Um convite à reflexão no dia mundial do meio ambiente
Por Antonio Fernando Pinheiro Pedro*
Convido todos a refletirem, na Semana Internacional do Meio Ambiente, sobre o Estado de Direito e sua base democrática, como premissas para se buscar um efetivo desenvolvimento sustentável.
Há que se resgatar o humanismo como elemento central da norma legal e do planejamento governamental. Deve-se adotar a erradicação da pobreza e das disparidades regionais, como objetivo principal da governança.
Outro não é o sentido do Princípio 1 da Carta de Princípios da Conferência da ONU de 1992, ratificada em 2012, no Rio de Janeiro, que declara o ser humano como “centro das preocupações do desenvolvimento sustentável”.
O Princípio 4 da mesma declaração, também sentencia que “para alcançar o desenvolvimento sustentável, a proteção ambiental constituirá parte integrante do processo de desenvolvimento e não pode ser considerada isoladamente deste.”
Os princípios acima destacados deveriam servir de alerta para as principais armadilhas comportamentais dos tempos assimétricos que hoje vivemos: o biocentrismo, a estadolatria, o neocolonialismo ecocêntrico e o niilismo populista.
O biocentrismo
O biocentrismo constitui premissa filosófica que desloca o ser humano do centro das preocupações com o equilíbrio ambiental.

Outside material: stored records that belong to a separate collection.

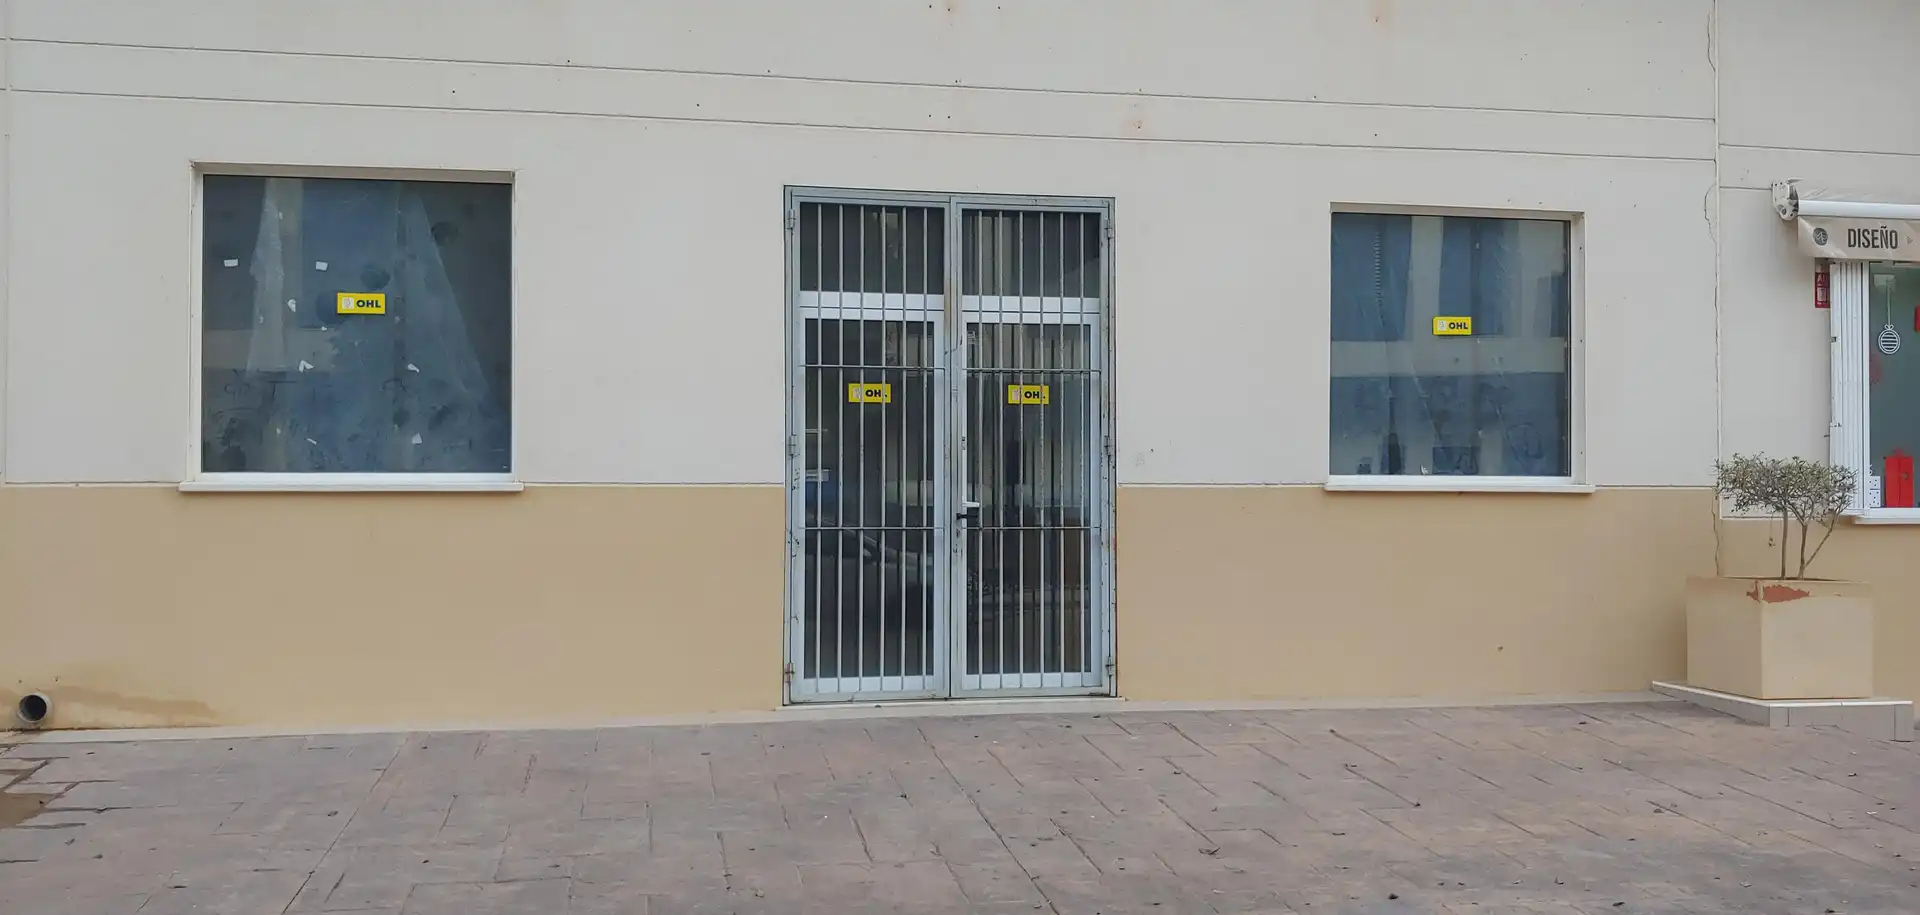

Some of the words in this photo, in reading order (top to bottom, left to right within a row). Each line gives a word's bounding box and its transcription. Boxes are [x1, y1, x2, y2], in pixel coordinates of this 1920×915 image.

[1847, 225, 1899, 249] DISEÑO
[356, 299, 381, 308] OHL
[1448, 322, 1468, 330] OHL
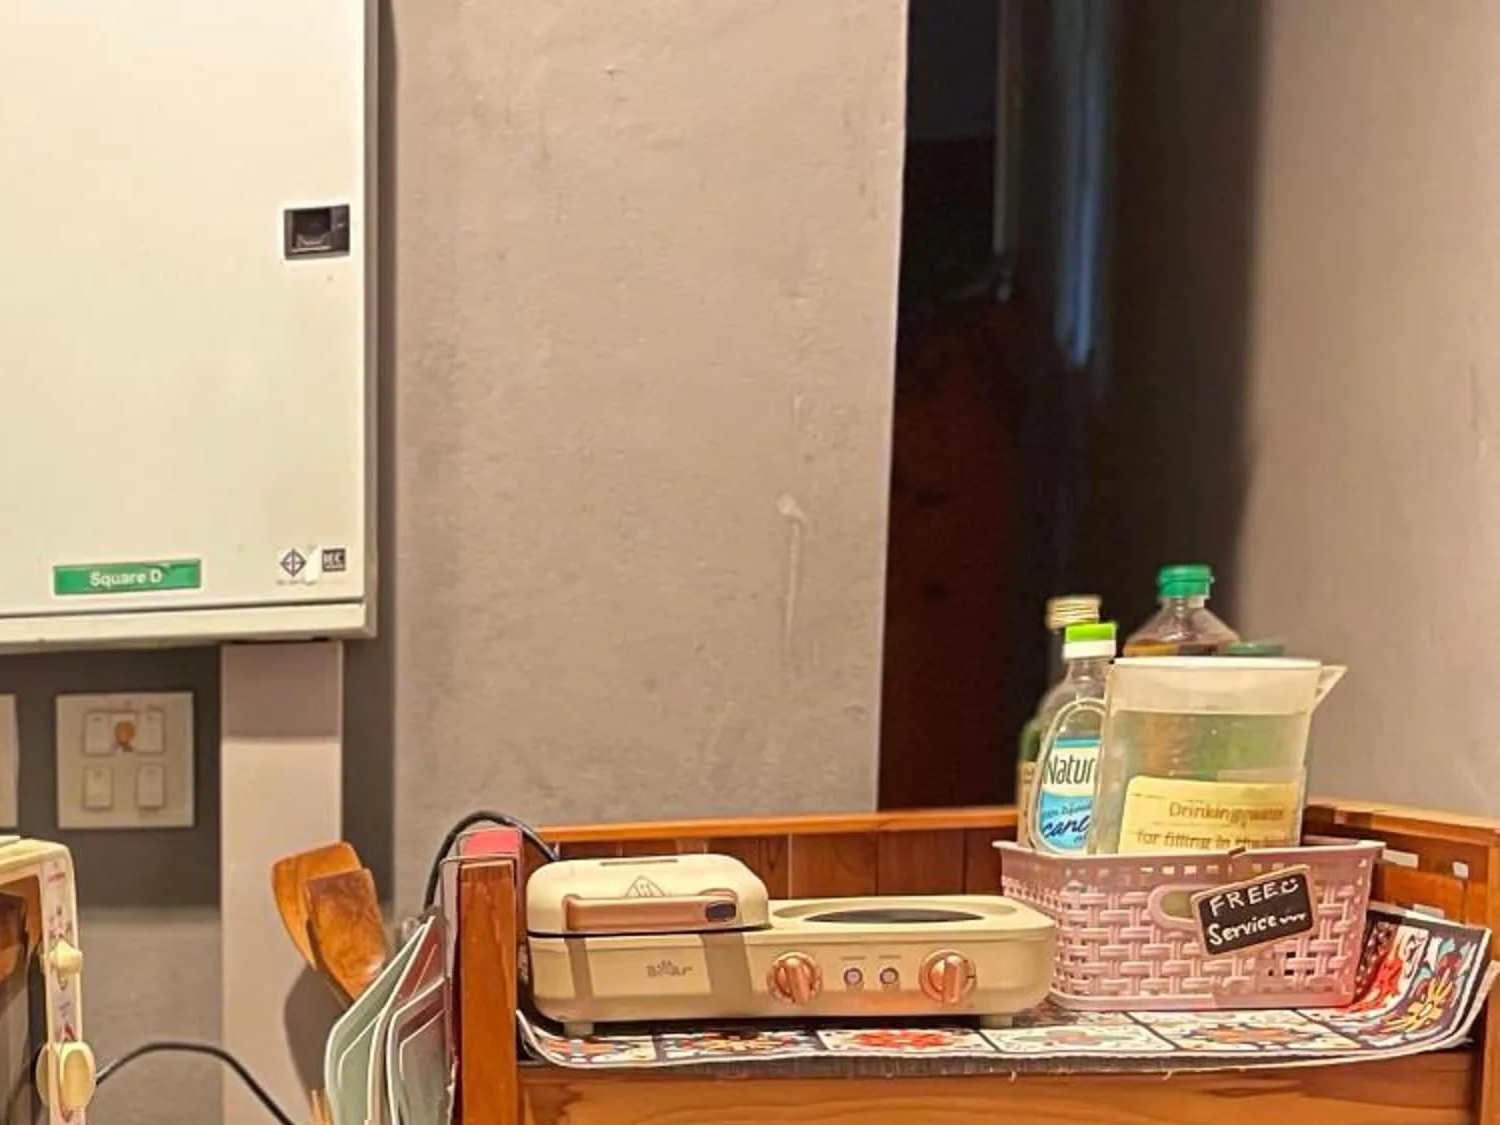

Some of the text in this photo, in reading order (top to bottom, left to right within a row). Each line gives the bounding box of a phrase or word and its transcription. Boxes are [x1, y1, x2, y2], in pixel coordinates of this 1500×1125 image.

[89, 567, 163, 587] Square D
[1043, 755, 1095, 785] Natur
[1209, 881, 1278, 917] FREE
[1207, 915, 1277, 945] Service
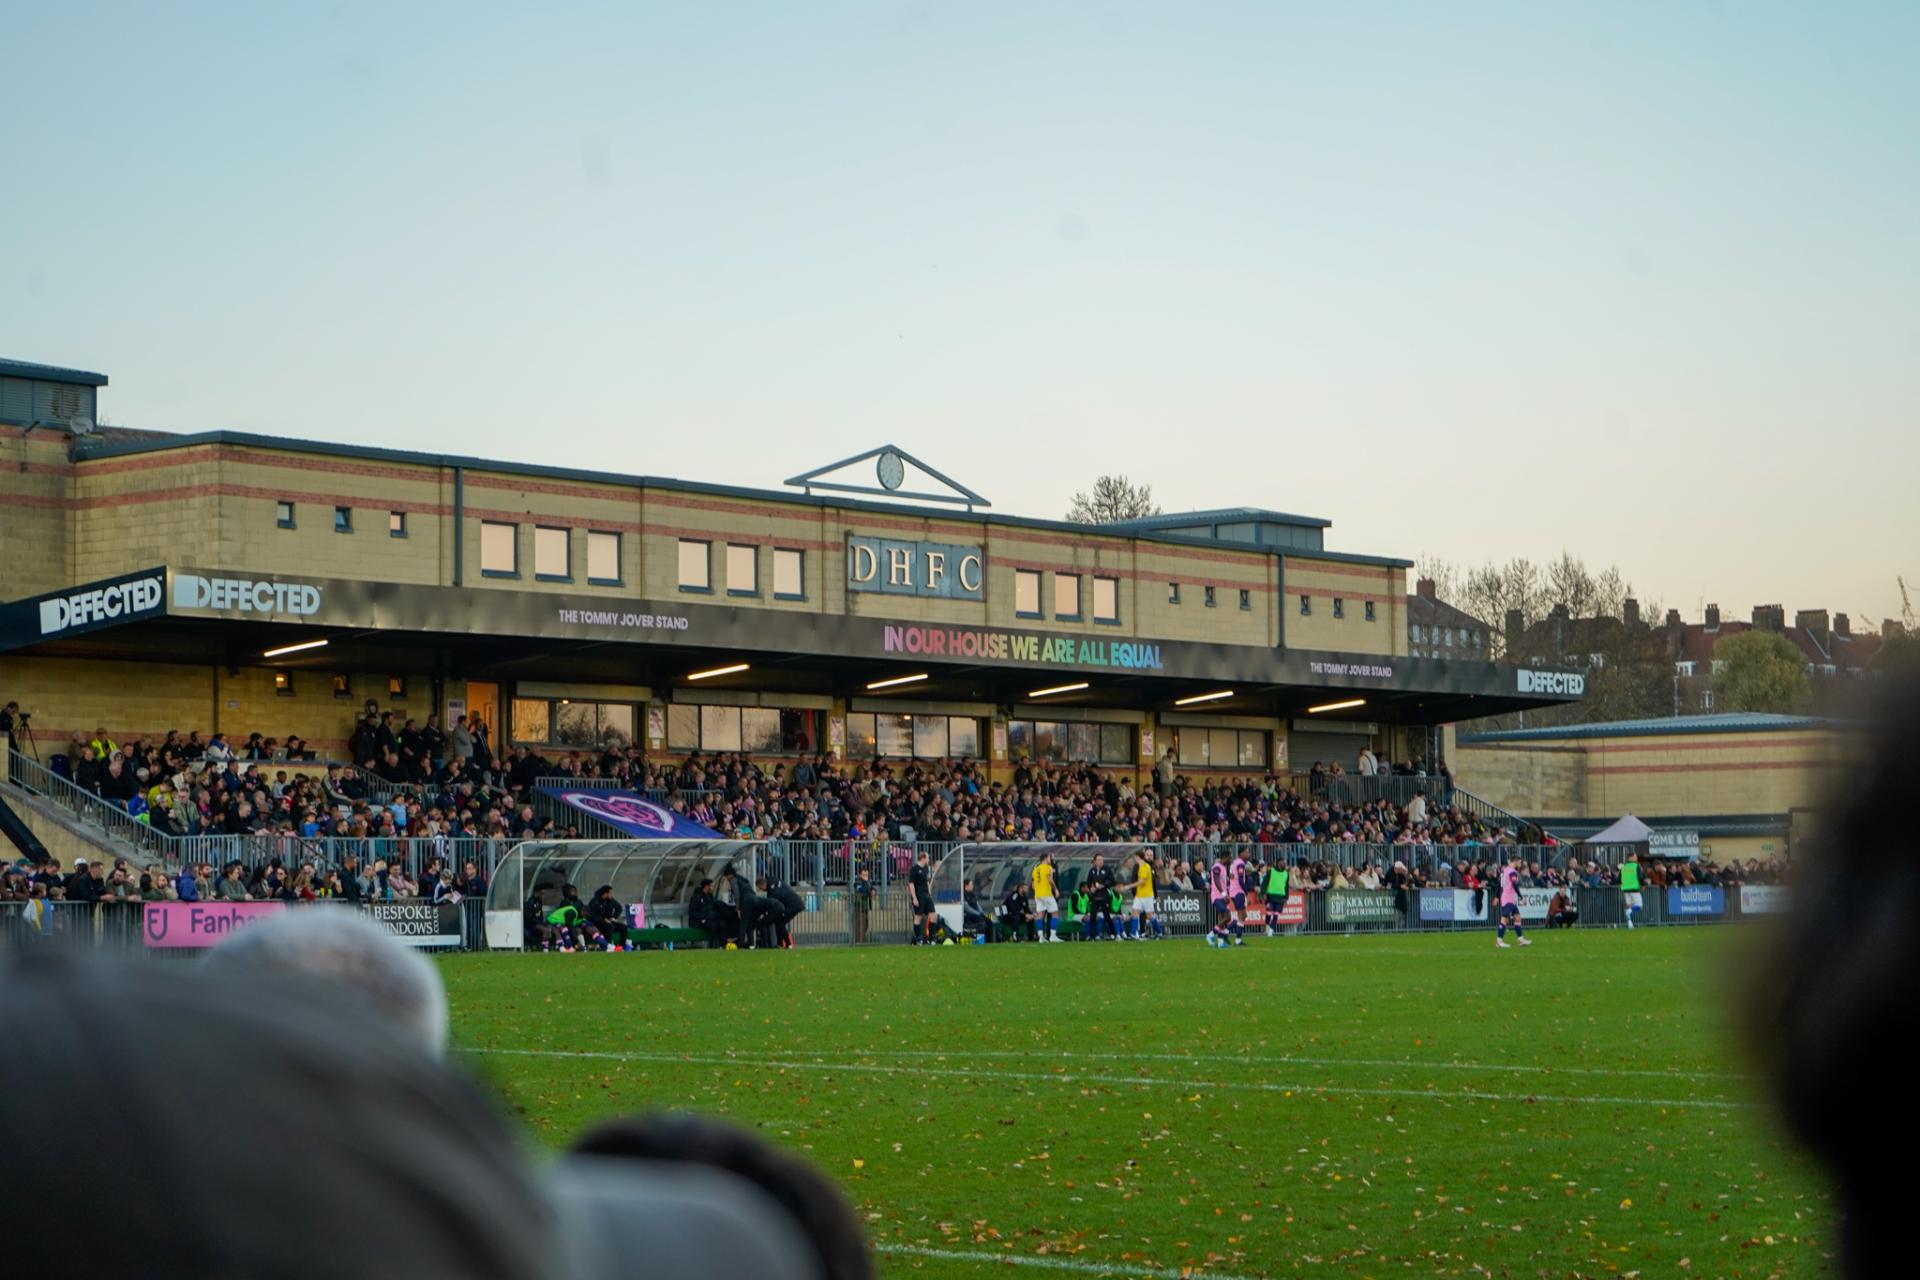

Para o biocentrista, a “natureza original” opõe-se à “barbárie humana”. Como reação à isso, se faz necessária a segregação das necessidades humanas. Essa segregação “em prol da natureza”, busca compensar o equilíbrio promovendo ações desproporcionais. Para tanto, pressupõe uma “revolta do objeto” — termo muito utilizado por engravatados investidos de autoridade ambiental em nosso país – que ignoram absolutamente a distopia inserida na ideia.
O que talvez os repetidores de frases prontas não saibam, é que o mantra é de autoria do Reichführer Hermann Göring, em discurso proferido quando editadas as leis que compunham o Código Ecológico do Terceiro Reich, na Alemanha nazista.
Göring reservava toda sua humanidade para determinada raça, desprezando a diversidade humana e suas aspirações plurais em favor dos objetos.
Não à toa, o biocentrismo hoje praticado no mundo – incluso no Brasil, é carregado de rancor racialista e contaminado pela desproporção (como forma de equilíbrio discursivo). Também é poluído pela criminalização da livre iniciativa.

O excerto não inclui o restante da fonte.